(Saved entries)
----

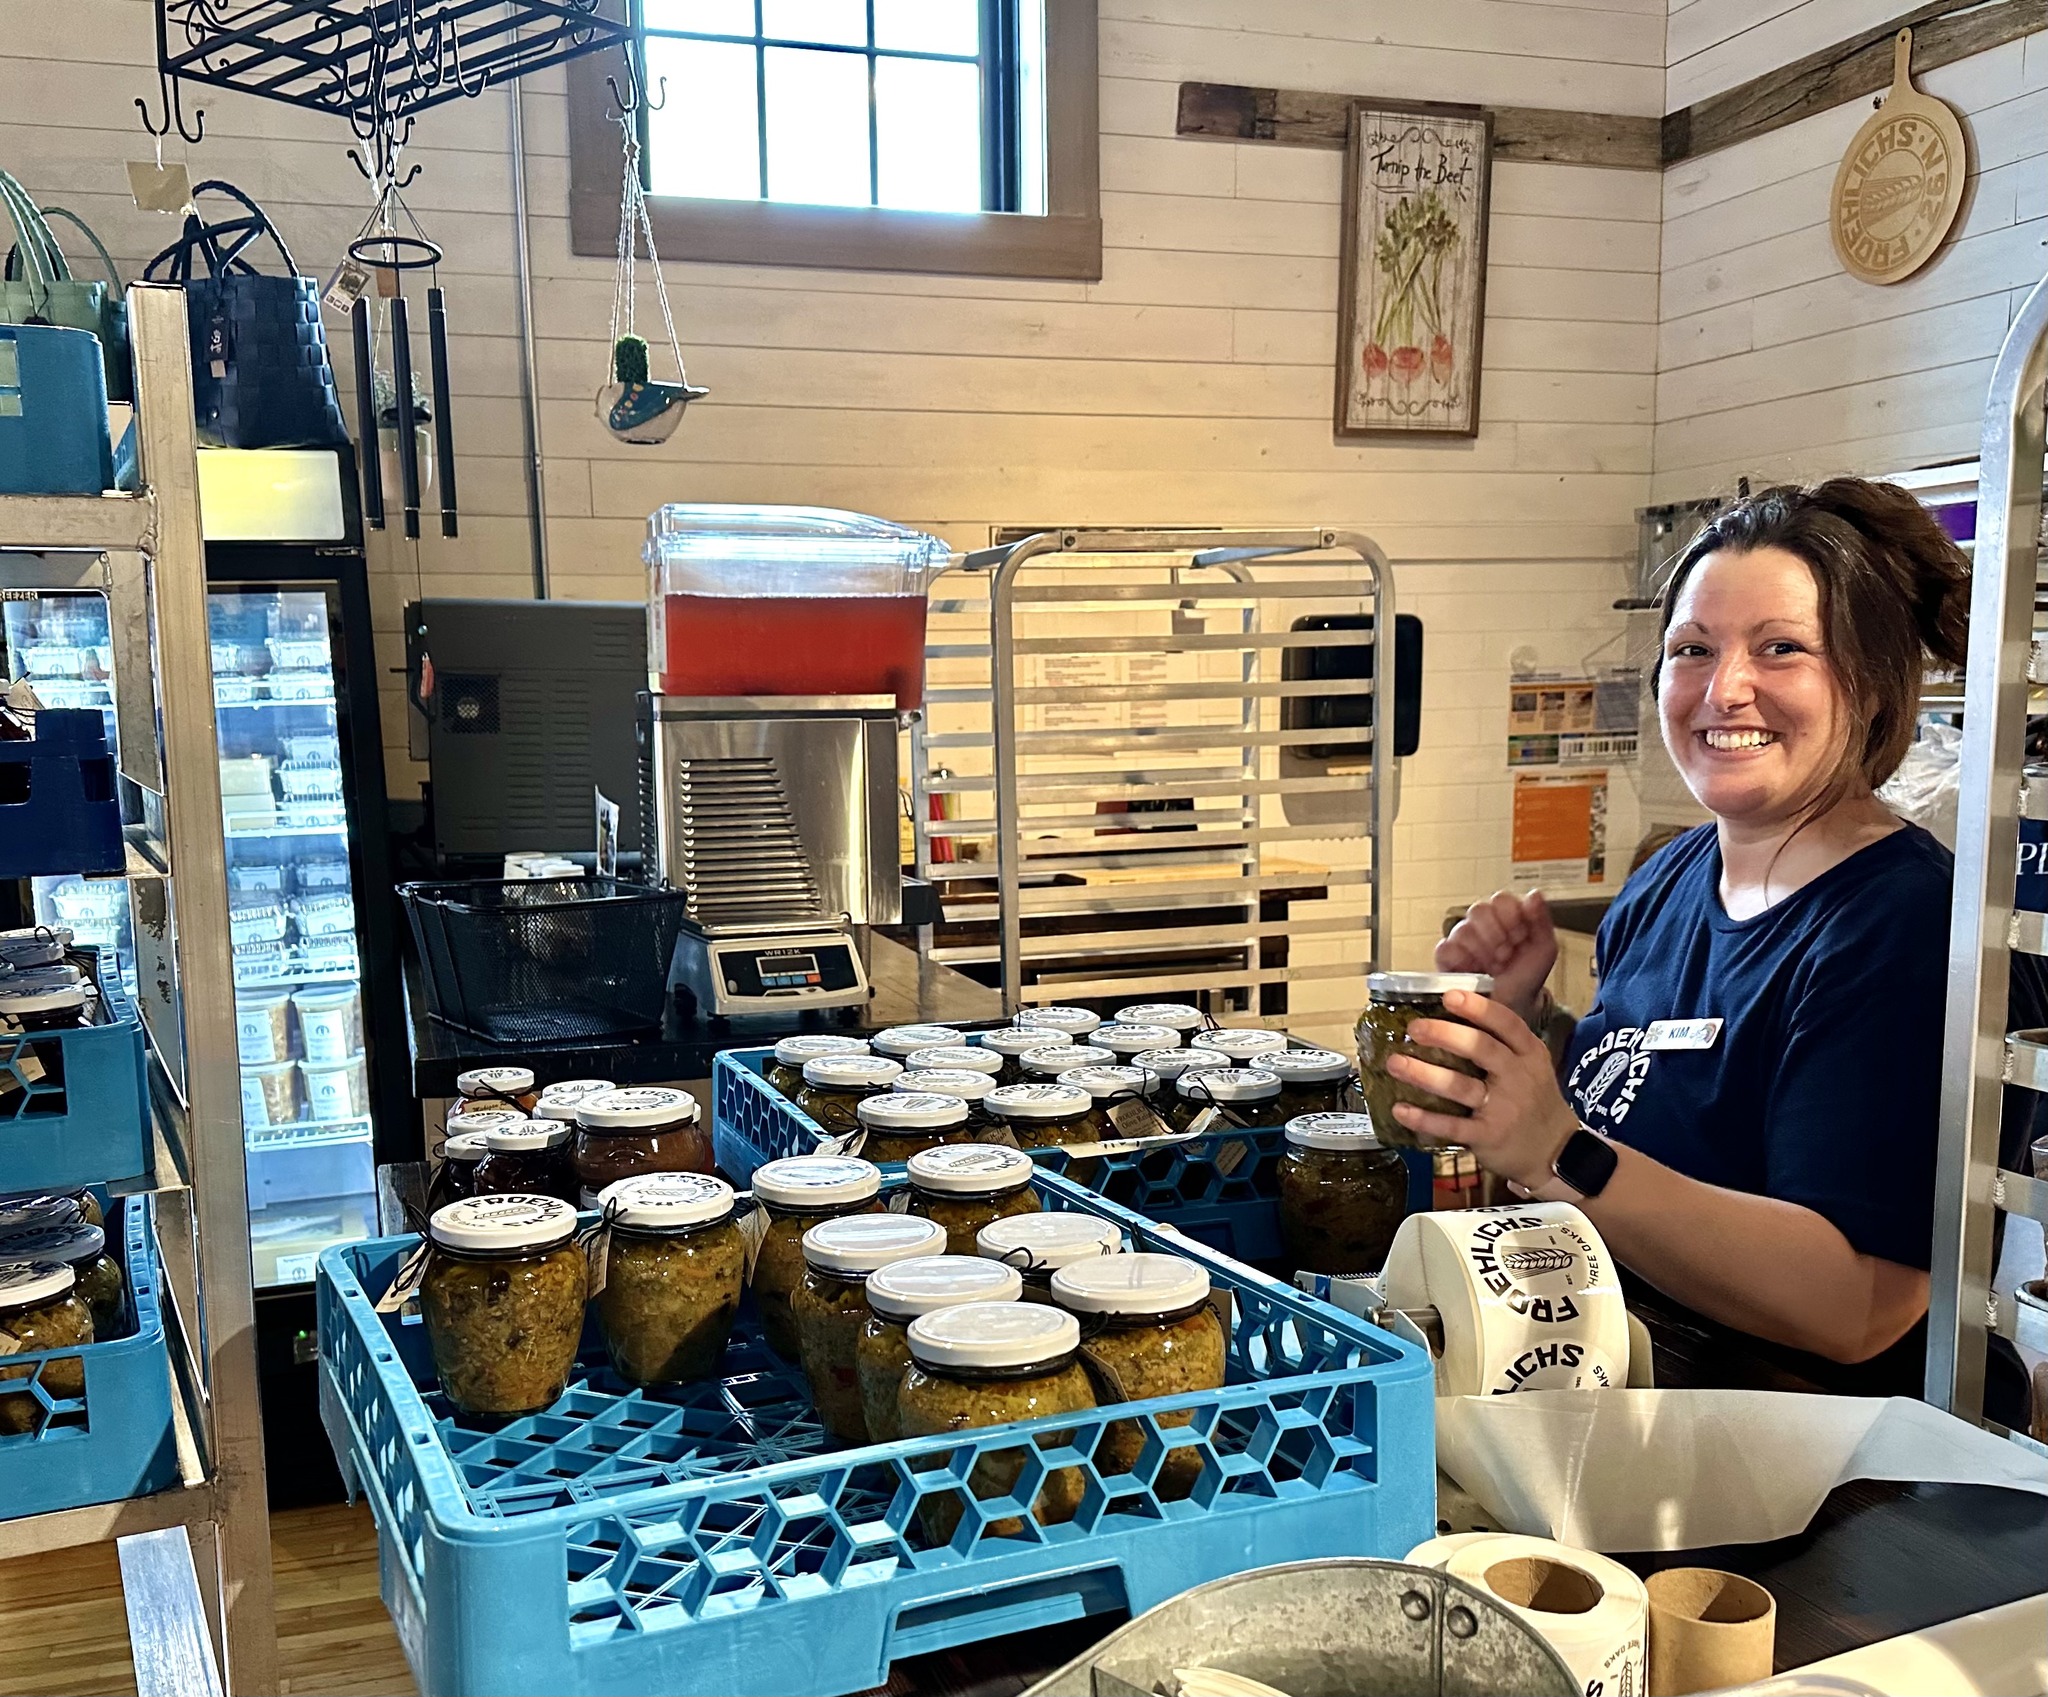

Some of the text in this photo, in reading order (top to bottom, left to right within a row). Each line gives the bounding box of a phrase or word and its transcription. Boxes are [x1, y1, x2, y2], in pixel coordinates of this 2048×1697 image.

[1414, 155, 1432, 181] the
[1433, 154, 1473, 185] Beet
[1841, 121, 1917, 268] FROEHLICHS
[764, 948, 801, 957] WR12K
[1667, 1025, 1691, 1039] KIM
[463, 1196, 564, 1227] FROEHLICHS
[1560, 1227, 1592, 1252] OAKS
[1470, 1217, 1580, 1323] FROEHLICHS
[1593, 1365, 1610, 1388] AKS
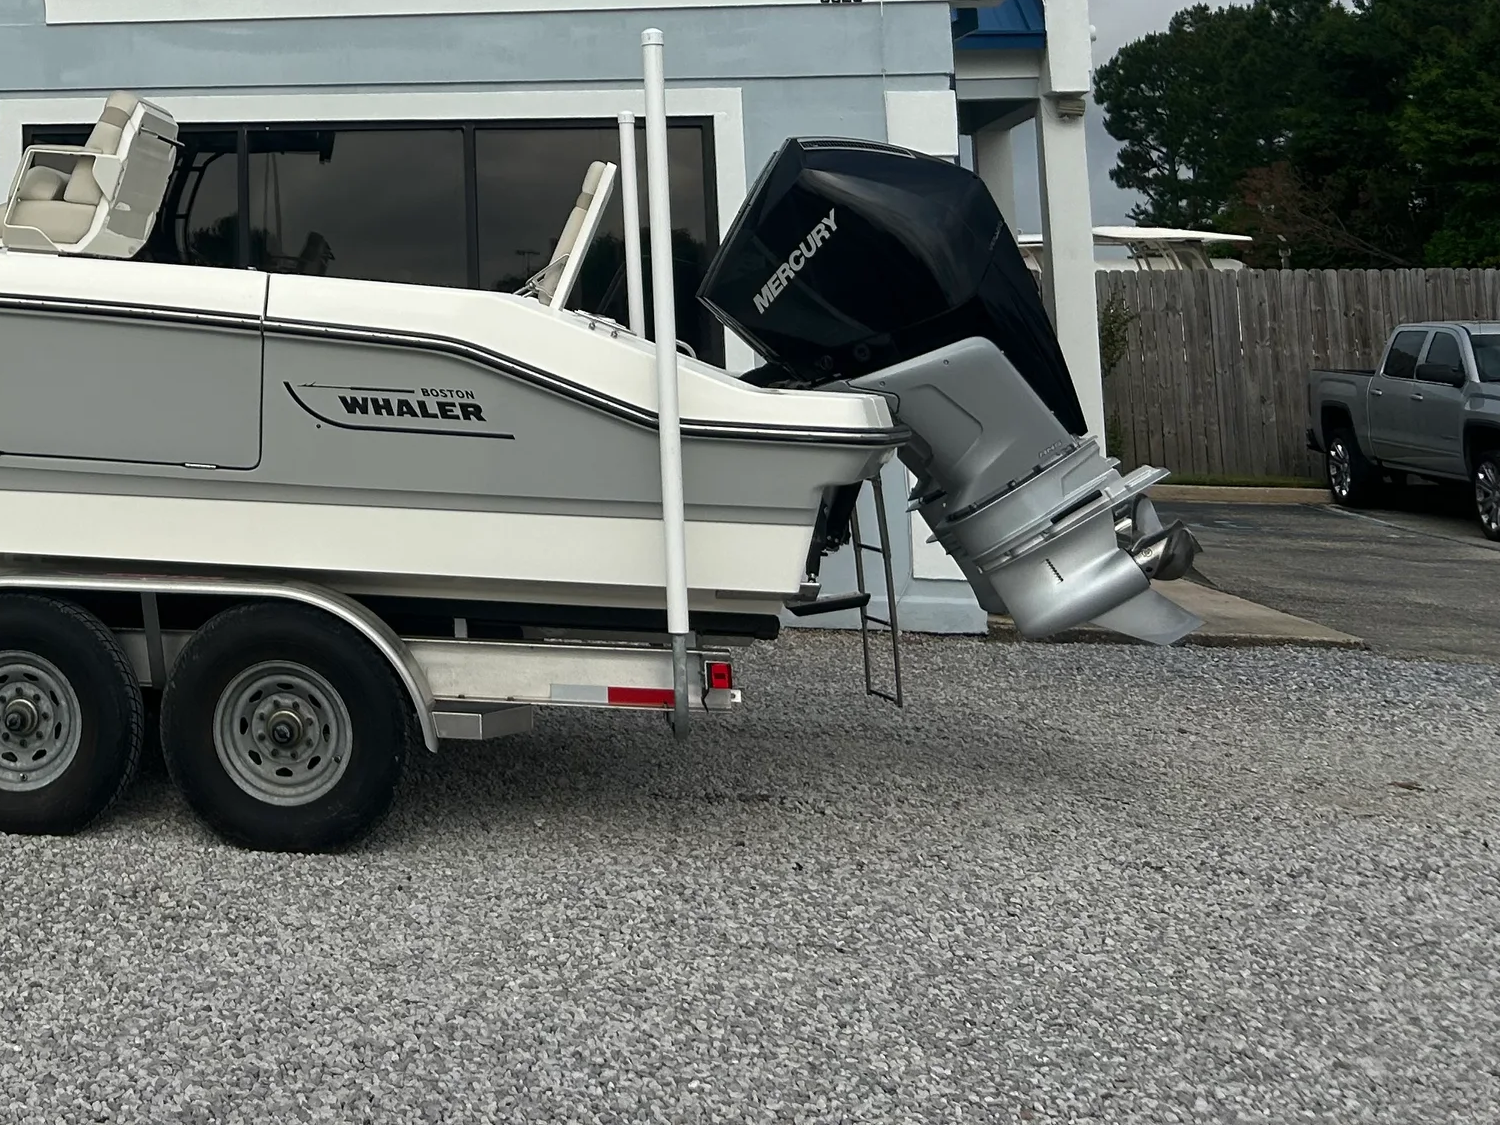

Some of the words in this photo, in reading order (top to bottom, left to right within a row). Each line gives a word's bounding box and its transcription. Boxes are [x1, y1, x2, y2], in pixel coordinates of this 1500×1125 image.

[752, 207, 838, 315] MERCURY
[420, 387, 475, 400] BOSTON
[338, 395, 487, 422] WHALER

----

* [REQUIREMENT]:
Transcribe all of the records exactly, without reproducing their pictures.

* [WRITTEN SOLUTION]:
Some of the text in this photo, in reading order (top to bottom, left to right within a row). Each line gives the bounding box of a phrase or word and its transcription. Boxes are [x1, y1, x2, y2], in pixel coordinates of this 2048×1697 image.

[1414, 155, 1432, 181] the
[1433, 154, 1473, 185] Beet
[1841, 121, 1917, 268] FROEHLICHS
[764, 948, 801, 957] WR12K
[1667, 1025, 1691, 1039] KIM
[463, 1196, 564, 1227] FROEHLICHS
[1560, 1227, 1592, 1252] OAKS
[1470, 1217, 1580, 1323] FROEHLICHS
[1593, 1365, 1610, 1388] AKS

Some of the words in this photo, in reading order (top to bottom, left to right within a row). Each line gives a word's bounding box and its transcription. Boxes are [x1, y1, x2, y2], in pixel coordinates of this 1500×1125 image.

[752, 207, 838, 315] MERCURY
[420, 387, 475, 400] BOSTON
[338, 395, 487, 422] WHALER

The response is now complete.